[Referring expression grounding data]
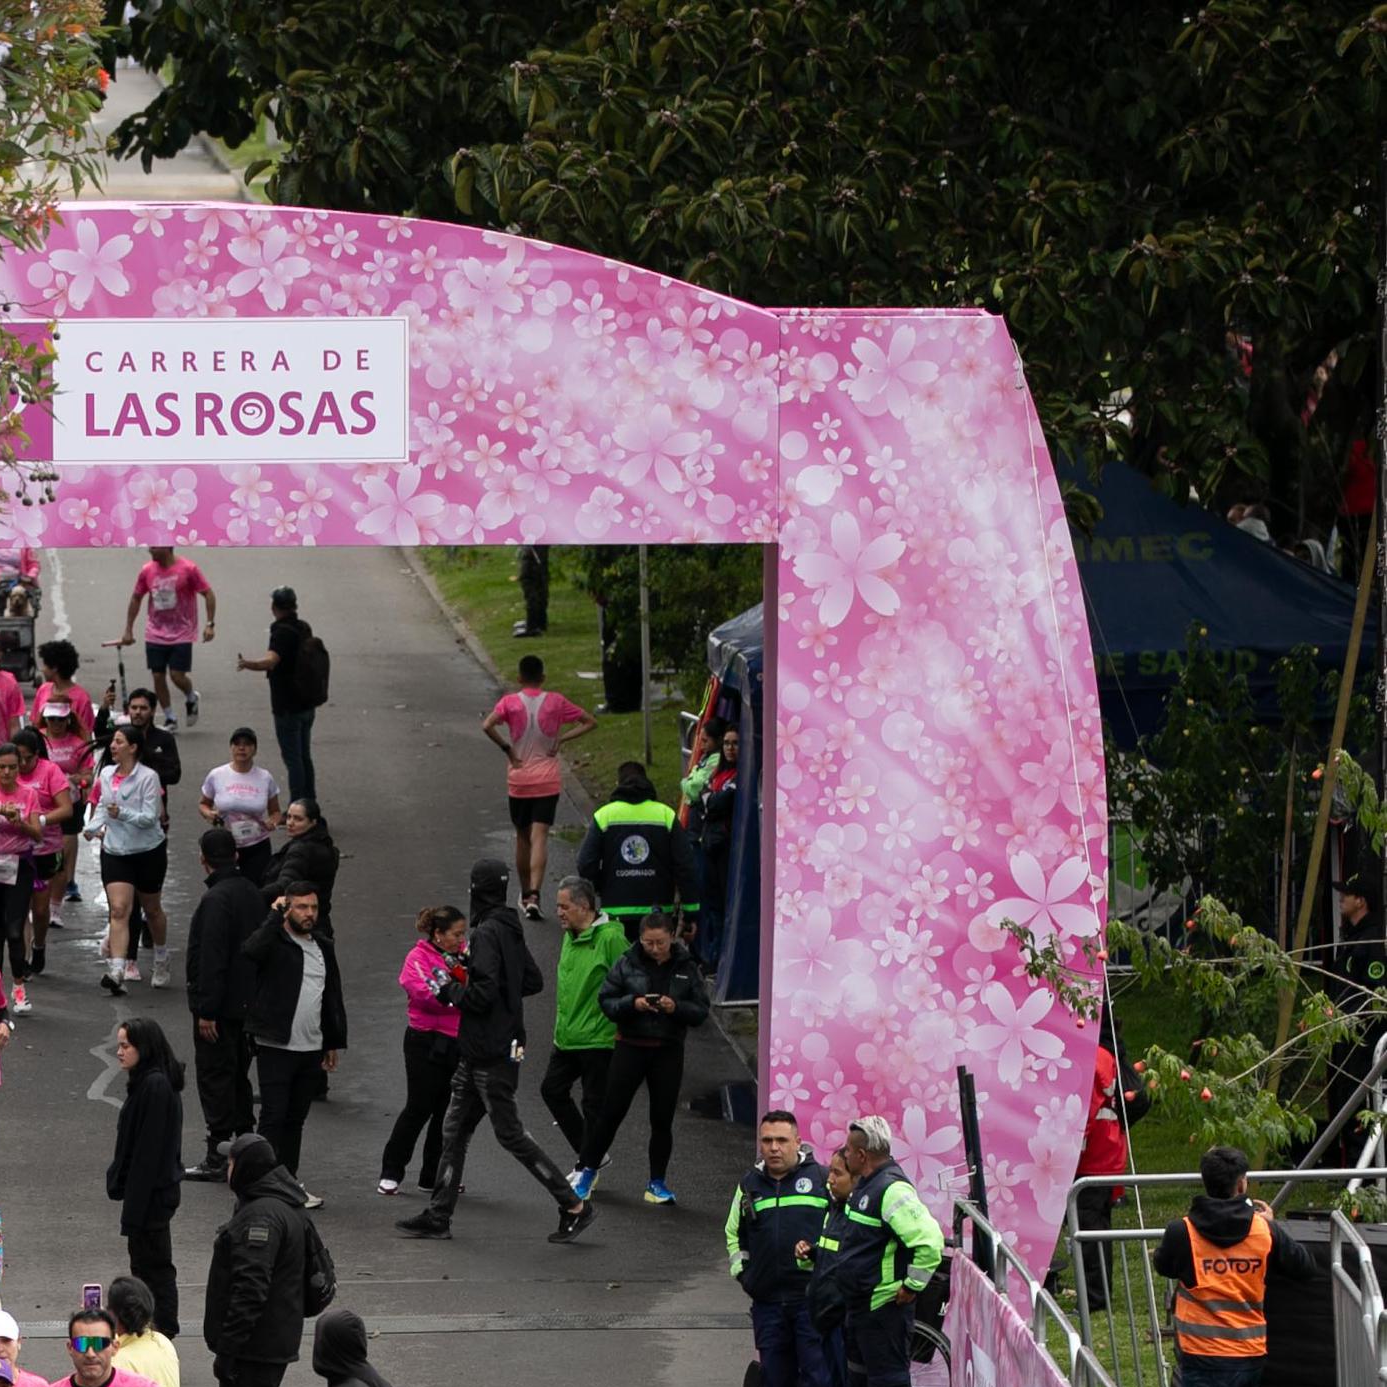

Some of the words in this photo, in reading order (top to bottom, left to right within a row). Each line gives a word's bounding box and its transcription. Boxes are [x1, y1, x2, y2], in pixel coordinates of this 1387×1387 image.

[85, 350, 290, 372] CARRERA
[323, 349, 370, 371] DE
[85, 392, 181, 436] LAS
[195, 391, 376, 436] ROSAS

◆ EXERCISE AIM ◆
All of the data must be given again exactly, without the pictures.

◆ YOUR RESPONSE ◆
Some of the words in this photo, in reading order (top to bottom, left to right within a row). Each line gives a word's bounding box and its transcription. Boxes are [x1, y1, x2, y2], in pixel coordinates of this 1387×1387 image.

[85, 350, 290, 372] CARRERA
[323, 349, 370, 371] DE
[85, 392, 181, 436] LAS
[195, 391, 376, 436] ROSAS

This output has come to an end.